Retype the records below exactly as they appear, but leave out any pictures.
--- START ---
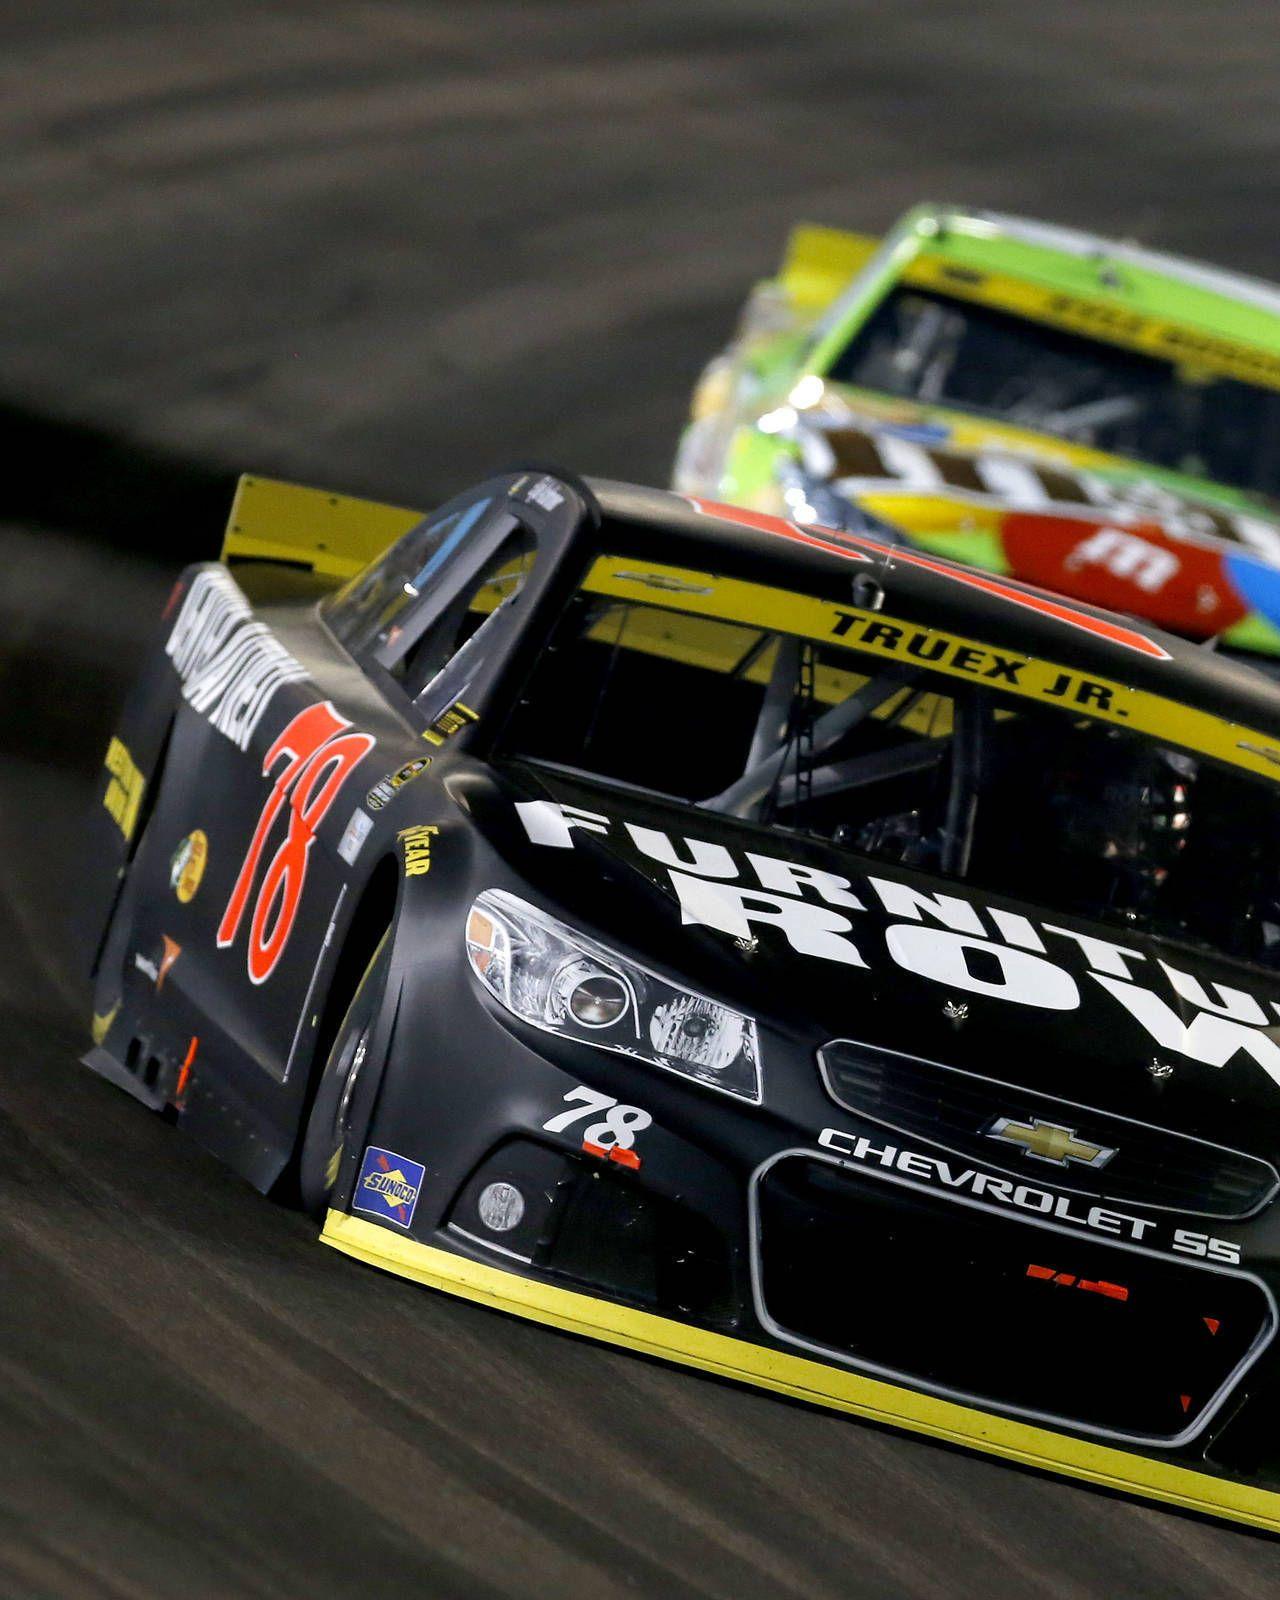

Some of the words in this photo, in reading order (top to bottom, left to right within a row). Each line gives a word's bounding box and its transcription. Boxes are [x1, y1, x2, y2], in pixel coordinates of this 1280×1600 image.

[831, 610, 1023, 684] TRUEX
[1042, 675, 1130, 717] JR.
[217, 701, 376, 985] 78
[543, 1085, 652, 1151] 78
[365, 1173, 416, 1204] SUNOCO
[818, 1128, 1157, 1240] CHEVROLET
[1173, 1229, 1240, 1265] SS
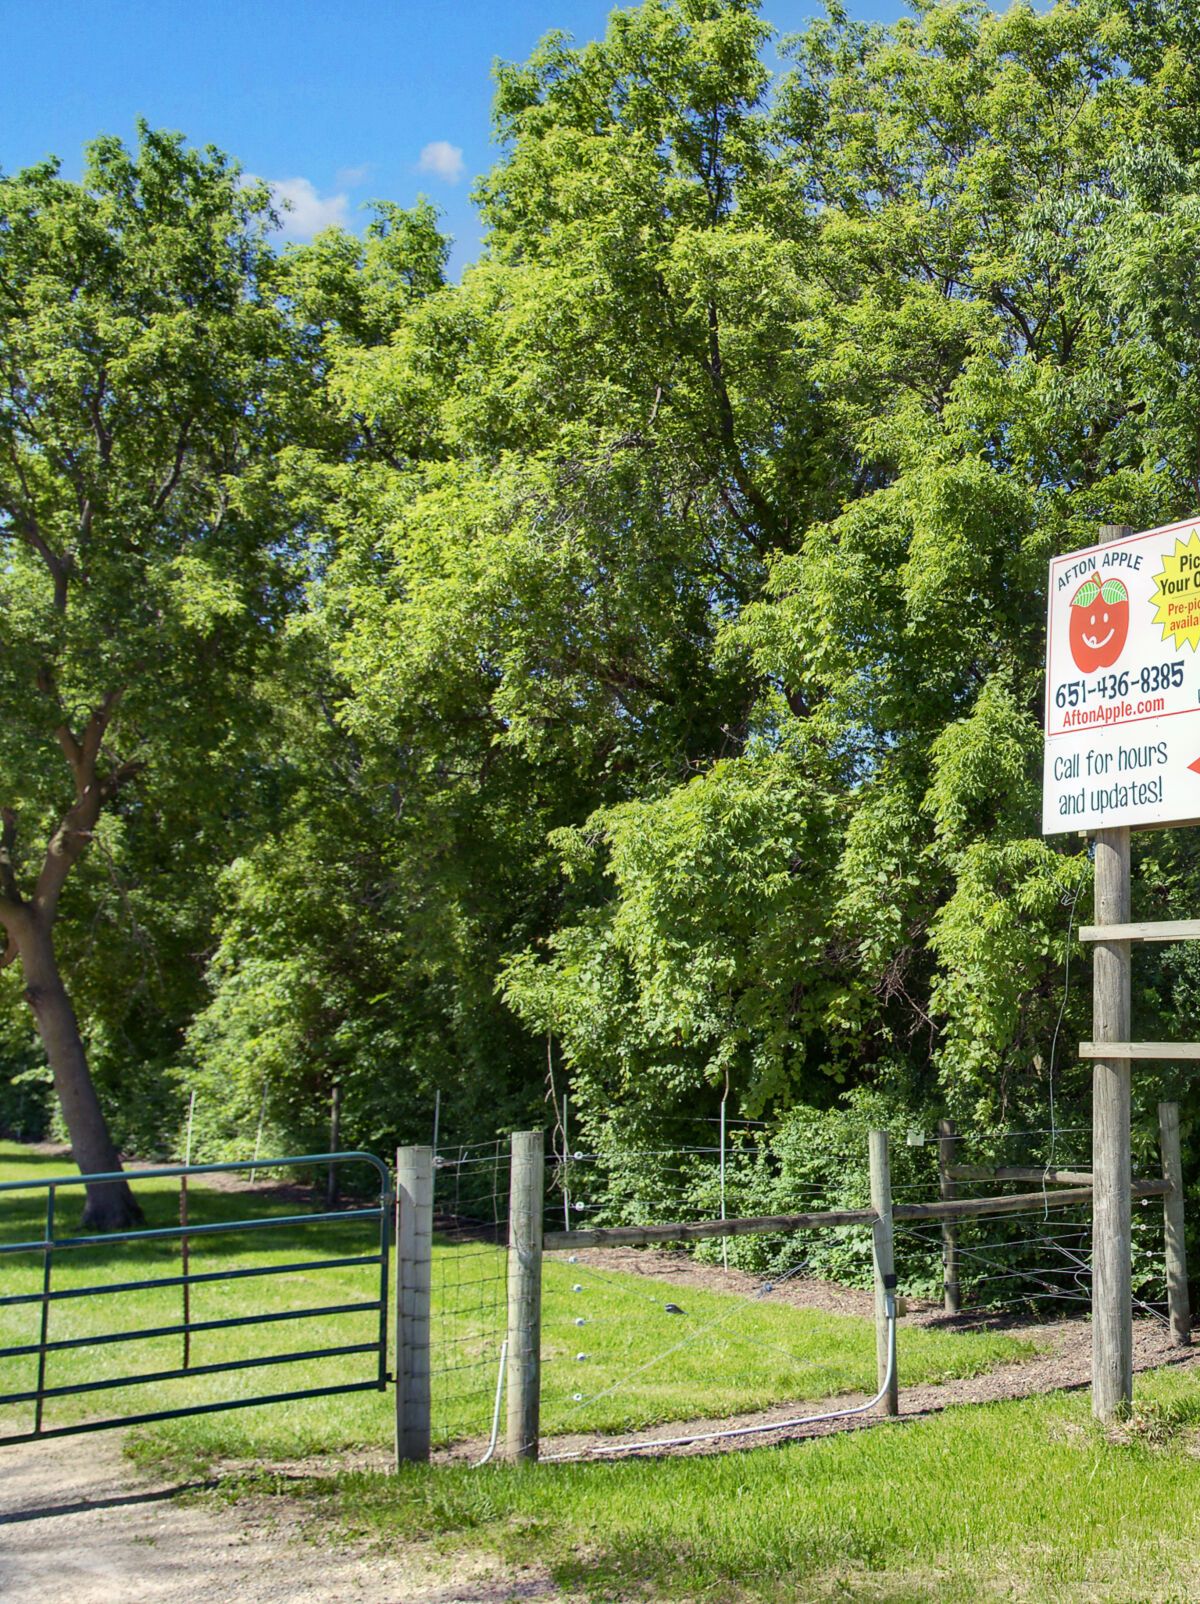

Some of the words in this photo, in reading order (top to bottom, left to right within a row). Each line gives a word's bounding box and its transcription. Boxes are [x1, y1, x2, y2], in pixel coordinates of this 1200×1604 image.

[1057, 555, 1098, 591] AFTON
[1102, 551, 1144, 571] APPLE
[1159, 572, 1190, 596] Your
[1055, 660, 1185, 709] 651-436-8385
[1063, 696, 1165, 728] AftonApple.com
[1054, 752, 1080, 782] Call
[1085, 750, 1113, 774] for
[1118, 741, 1168, 771] hours
[1058, 785, 1096, 816] and
[1100, 776, 1163, 813] updates!
--- END ---
Exercise result:
Some of the words in this photo, in reading order (top to bottom, left to right within a row). Each line gives a word's bounding box and its transcription. Boxes are [x1, y1, x2, y2], in pixel coordinates of this 1280×1600 image.

[831, 610, 1023, 684] TRUEX
[1042, 675, 1130, 717] JR.
[217, 701, 376, 985] 78
[543, 1085, 652, 1151] 78
[365, 1173, 416, 1204] SUNOCO
[818, 1128, 1157, 1240] CHEVROLET
[1173, 1229, 1240, 1265] SS

Some of the words in this photo, in reading order (top to bottom, left to right within a row). Each line gives a word's bounding box and its transcription. Boxes are [x1, y1, x2, y2], in pixel coordinates of this 1200×1604 image.

[1057, 555, 1098, 591] AFTON
[1102, 551, 1144, 571] APPLE
[1159, 572, 1190, 596] Your
[1055, 660, 1185, 709] 651-436-8385
[1063, 696, 1165, 728] AftonApple.com
[1054, 752, 1080, 782] Call
[1085, 750, 1113, 774] for
[1118, 741, 1168, 771] hours
[1058, 785, 1096, 816] and
[1100, 776, 1163, 813] updates!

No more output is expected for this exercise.